Chaque « pays » d’ancien régime avait sa « coutume ». Dans celle de Dax il est précisé qu’après chaque achat d’un bien quel qu’il soit, le nouvel acquéreur devait « prendre possession » de son bien. Cela consistait à en faire le tour avec des branches dans chaque main, de jeter de la terre en poignée en signe de possession et de visiter entièrement la maison. J’en retrouve trace jusqu’à la Révolution Française.
Voici un exemple de prise de possession : « …le sieur S.. devant prendre possession et sur sa réquisition nous dit notaire lui avons fait ouvrir et fermer la principale porte de ladite maison (…) nous étant tous portés sur les terres vendues nous aurions mis en main du sieur S.. de la terre et rameau vert… »
Consultation d’actes de décès avril 2008
Je recherche mes arrière-grands-parents : le seul moyen qu’il me reste est de récupérer les actes de décès. Il s'agit de Marseille et la période est large, entre 1913 et 1950 : je ne connais pas les dates précises.
Le service central de l'état civil de Marseille ne m'autorise pas la consultation des tables décennales. Monsieur le Procureur du Tribunal de Grande Instance ne m'accorde pas cette autorisation. Quelle solution ?
Comment faire pour obtenir l'autorisation de consultation, quels arguments dois-je utiliser ?
Marseille n’est pas un cas exceptionnel, sinon par l’importance de sa population et sa division administrative. La consultation des actes d’état civil (y compris les tables décennales) de moins de 100 ans, est réglementée et, en dehors de quelques fonctions ou professions (notaires par exemple), soumise à autorisation par le procureur de l’arrondissement judiciaire. Si vous ne pouvez justifier d’un droit à faire valoir (succession notamment), le procureur ne donnera sans doute pas suite. Les généalogistes professionnels surtout pour des villes comme Marseille font renouveler régulièrement leurs autorisations et peuvent si vous n’avez pas d’exigence de délai, effectuer la recherche que vous décrivez à des conditions assez économiques.
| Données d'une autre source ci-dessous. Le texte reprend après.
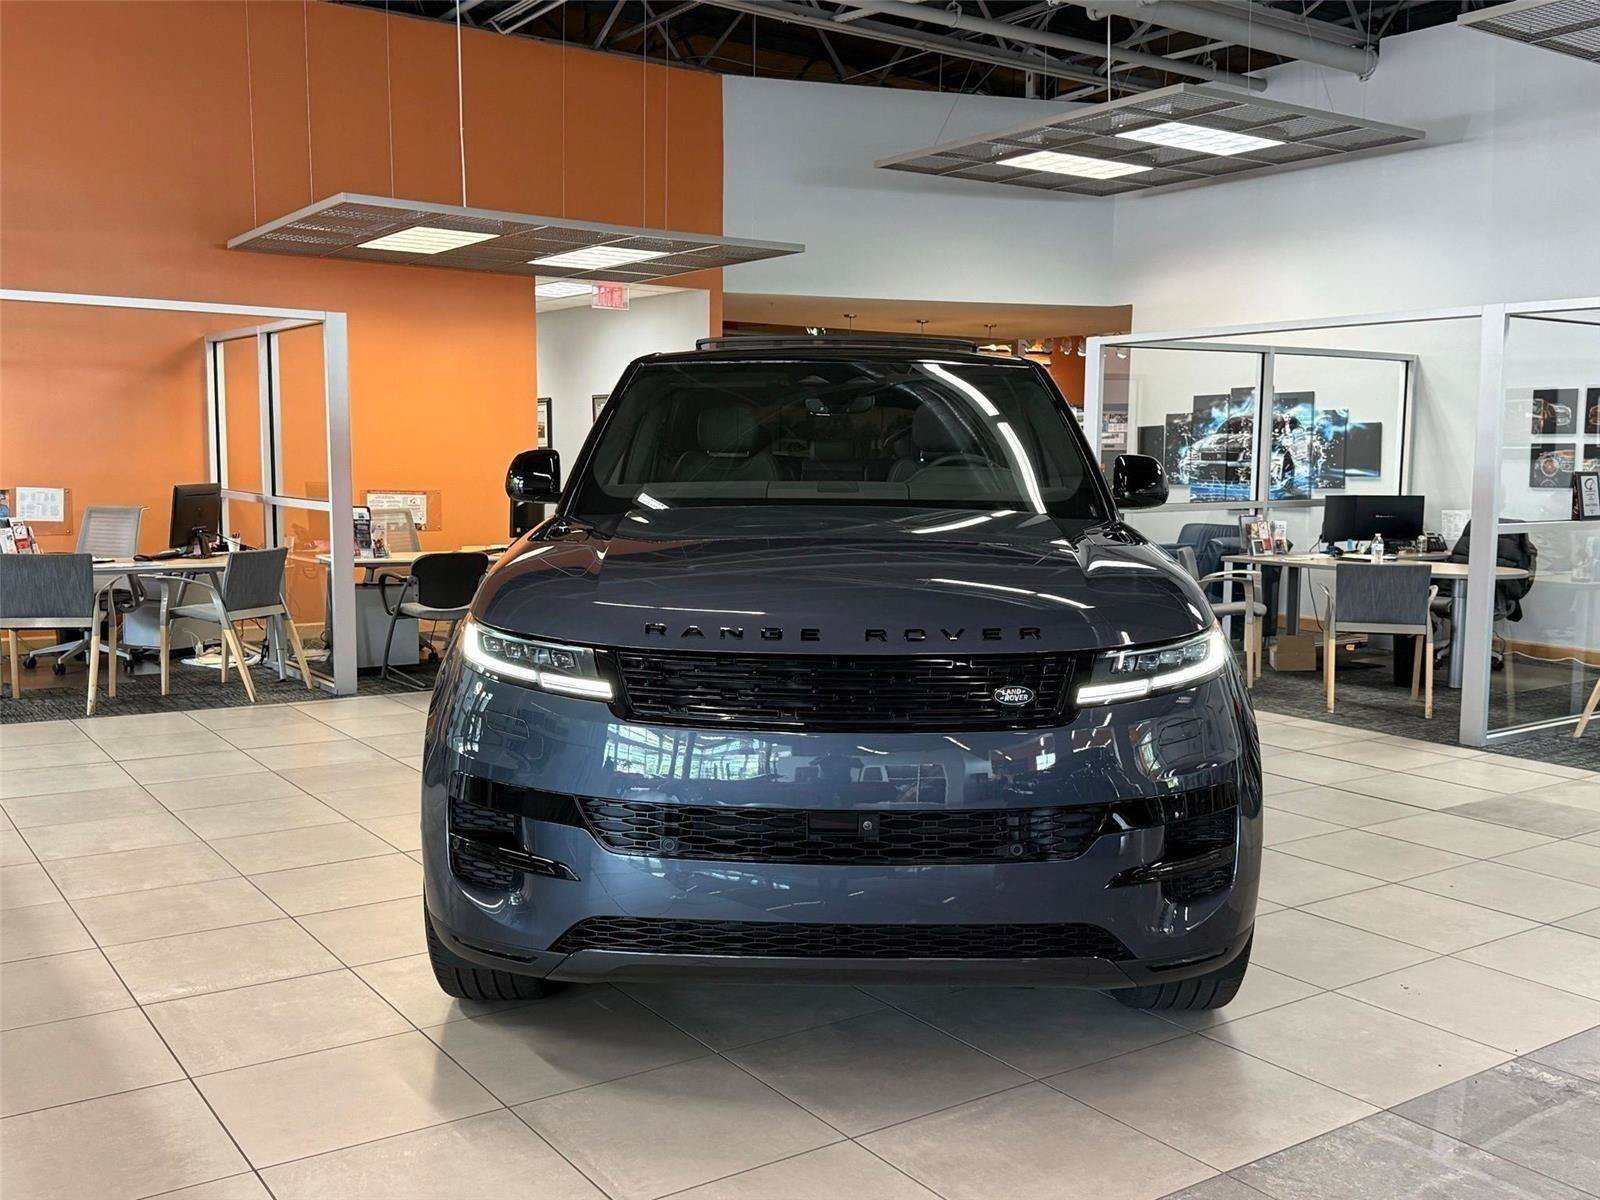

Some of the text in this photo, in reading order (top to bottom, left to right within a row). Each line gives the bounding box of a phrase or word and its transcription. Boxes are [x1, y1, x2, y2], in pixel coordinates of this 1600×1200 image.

Procès en sorcellerie janvier 2007
Où trouver un acte relatant les minutes d'un procès en sorcellerie ?
Une de mes ancêtres a été brûlée comme sorcière le 25 avril 1622 à Badonviller (54).
Cette date m'a été rapportée par de nombreux descendants de cette personne, ainsi que dans des écrits généalogiques, mais aucun n'est capable d'indiquer un acte sur lequel est porté cet évènement.
Je vais me servir pour vous répondre d'un article paru dans une revue dans le Tarn, bien éloigné donc de Badonviller, article rédigé par l'archiviste départementale à l'époque.
Dans cet article, elle parle des secrets d'une sorcière, brûlée à Labruguière, dans le sud du Tarn, en 1485. Je vous ai mis en gras ce qui me paraît important pour votre ancêtre.
Mais d'abord, qu'est-ce qu'une sorcière ? Selon la définition du XVe siècle, c'est une femme qui a fait un pacte avec le diable pour opérer des maléfices.
Le procès de cette sorcière est rédigé sur un long rouleau de parchemin de 3 m 30 de long, comprenant 5 peaux cousues les unes aux autres, conservé aux AD du Tarn sous la cote E 187. La procédure a été recopiée en 1504 par un notaire de Sorèze (autre lieu du sud du Tarn) afin de servir de preuve du droit de haute justice exercé par le seigneur. La haute justice est habilitée à juger, en première instance, les crimes de sang. On peut parler de "justice ordinaire".
Supplice exemplaire, le bûcher d'une sorcière restait dans les mémoires et servait de repère chronologique quand un seigneur justicier faisait appel à témoins pour prouver qu'un territoire donné relevait bien de sa juridiction.
Avant le procès, il a été menée une information secrète par deux notaires. Il s'agit d'une procédure empruntée par la justice civile à l'Inquisition. Elle se fait à l'insu de l'accusé. Quand la sorcière, ou présumée telle, est arrêtée, elle ne sait pas pour quelle raison. Elle est alors conduite en prison ou, s'il n'y en a pas, au château où elle attend d'être jugée.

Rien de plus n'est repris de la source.